_WORK INSTRUCTION_: The output is a word-for-word repeat of the listing below, free of images.

++++++++++++++++++++

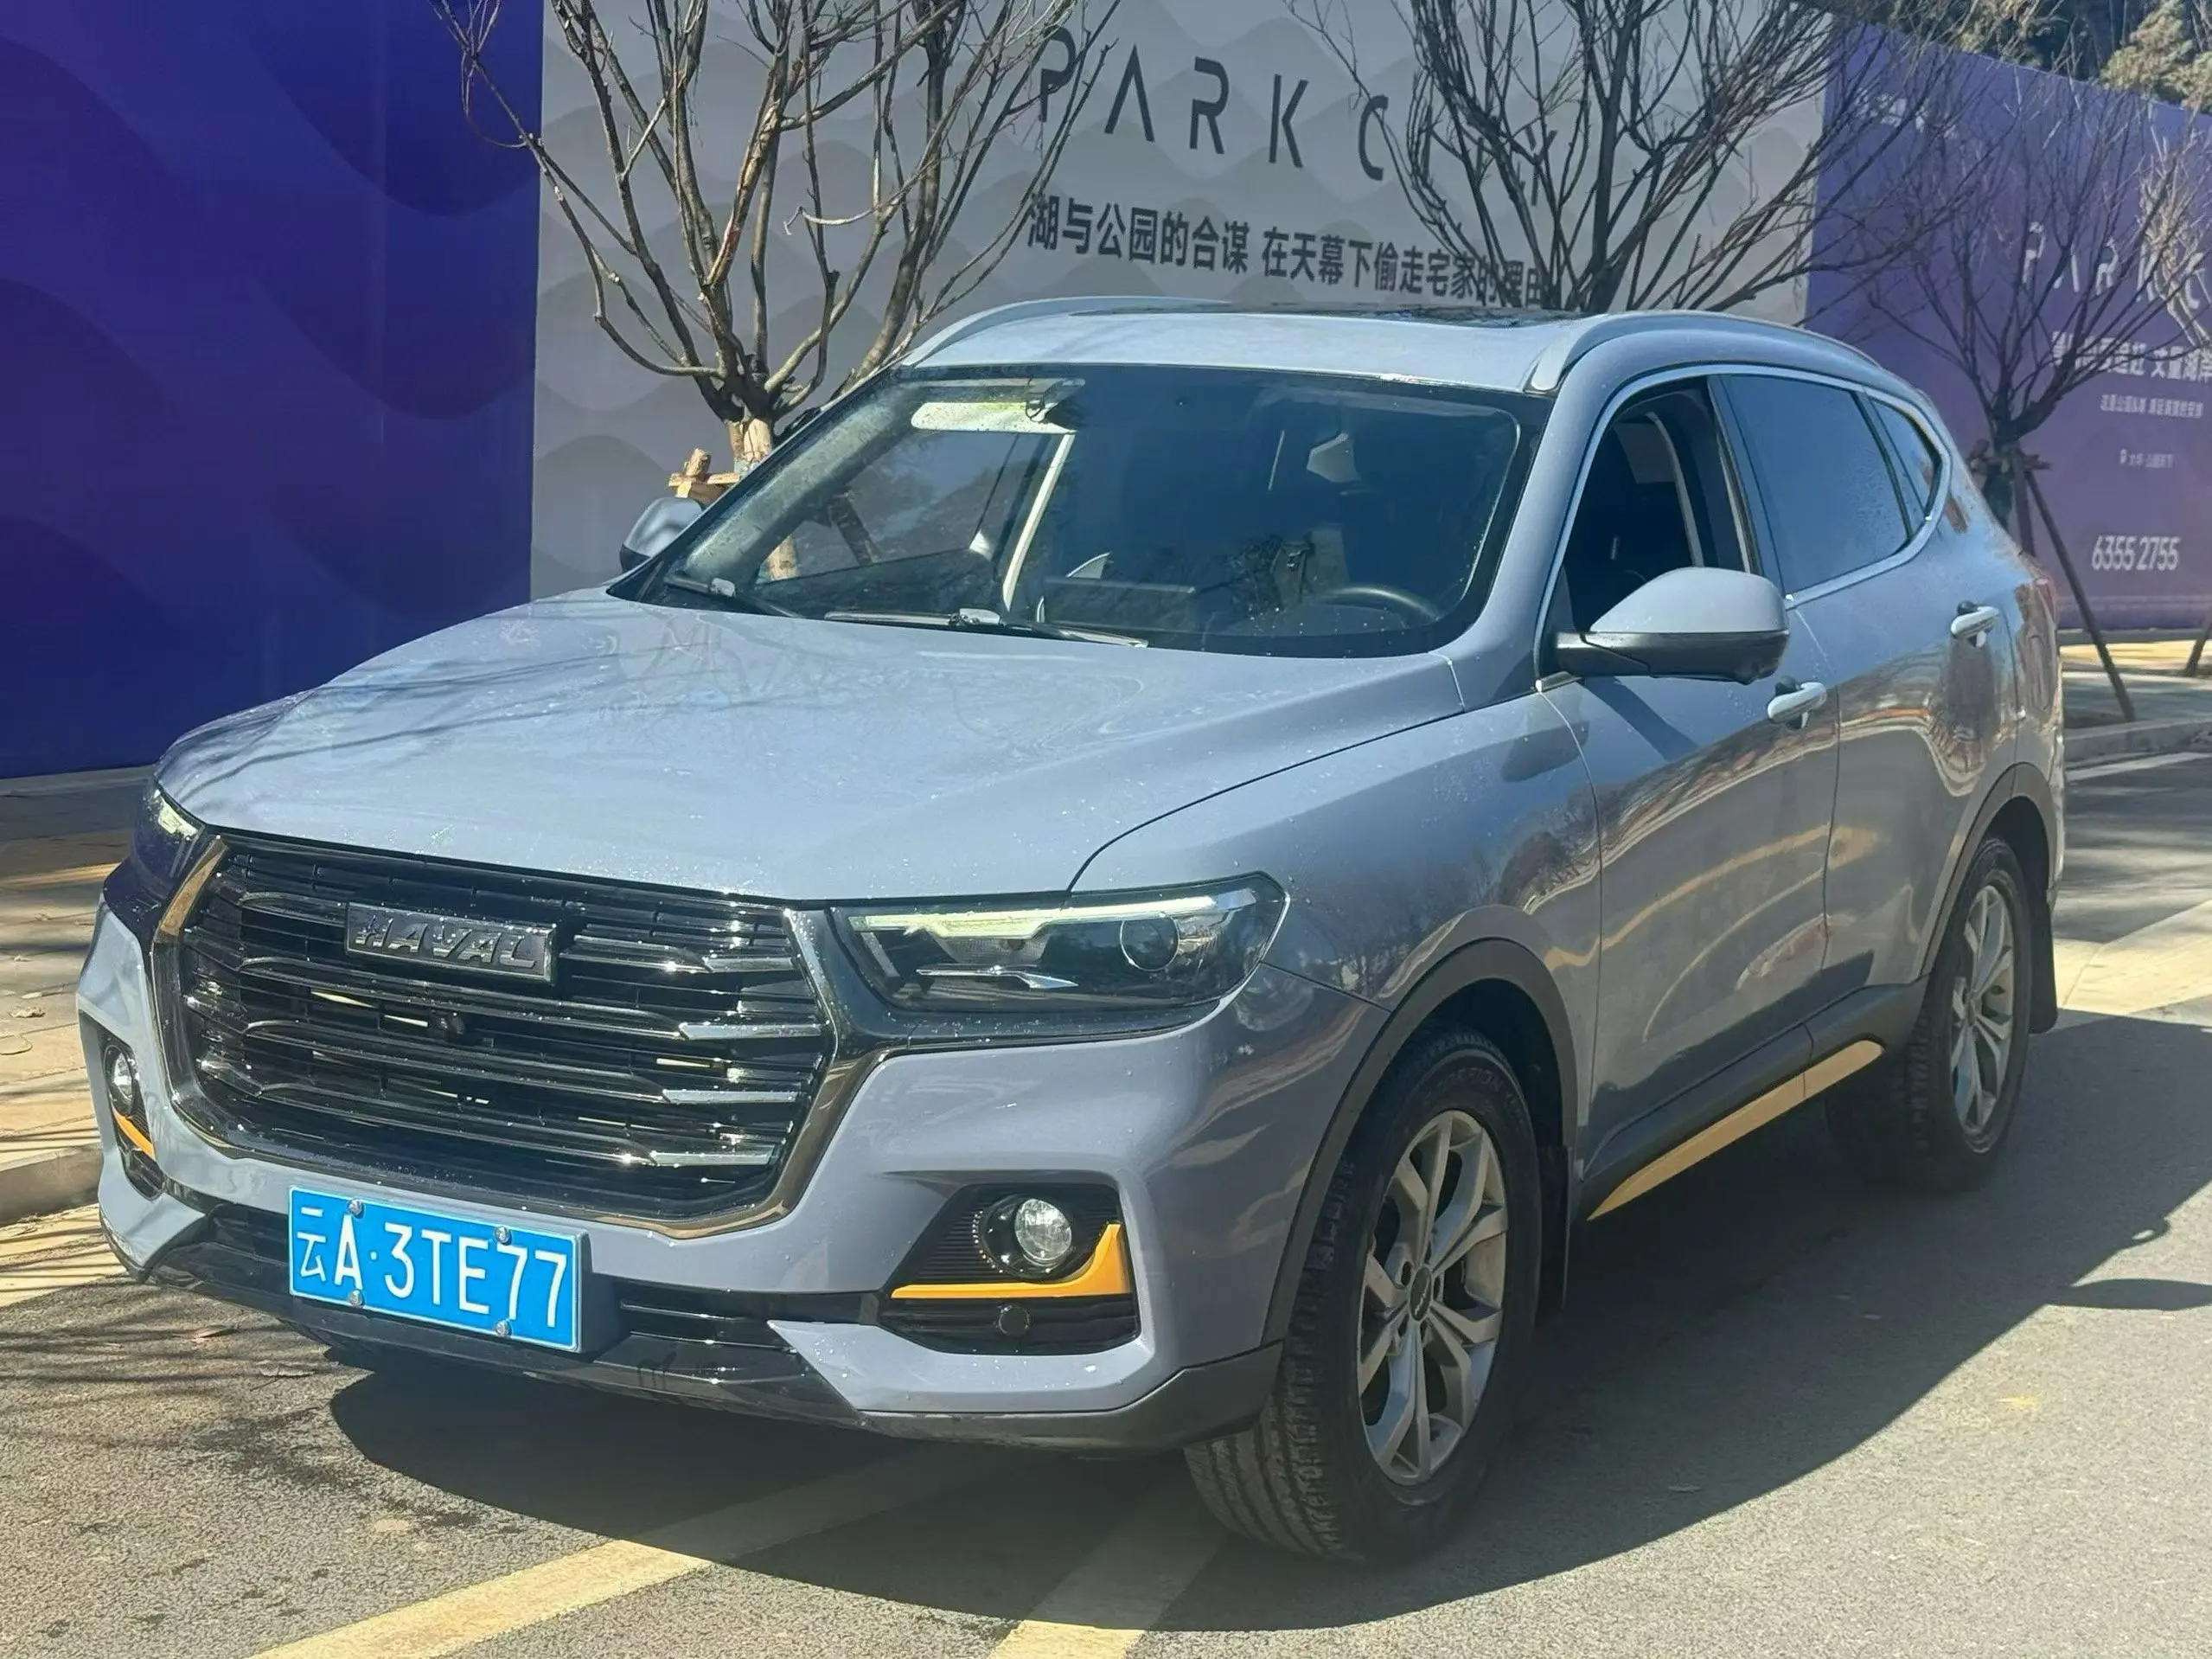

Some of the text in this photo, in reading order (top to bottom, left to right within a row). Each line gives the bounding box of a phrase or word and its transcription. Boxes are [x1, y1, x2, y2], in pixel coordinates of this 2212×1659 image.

[1039, 24, 1308, 168] PARK
[1027, 194, 1250, 274] 湖与公园的合谋
[2092, 535, 2182, 571] 6355 2755
[355, 915, 536, 968] HAVAL

++++++++++++++++++++

_RESULT OF THIS TASK_:
Some of the text in this photo, in reading order (top to bottom, left to right within a row). Each line gives the bounding box of a phrase or word and its transcription. Boxes are [x1, y1, x2, y2], in pixel coordinates of this 2212×1659 image.

[1039, 24, 1308, 168] PARK
[1027, 194, 1250, 274] 湖与公园的合谋
[2092, 535, 2182, 571] 6355 2755
[355, 915, 536, 968] HAVAL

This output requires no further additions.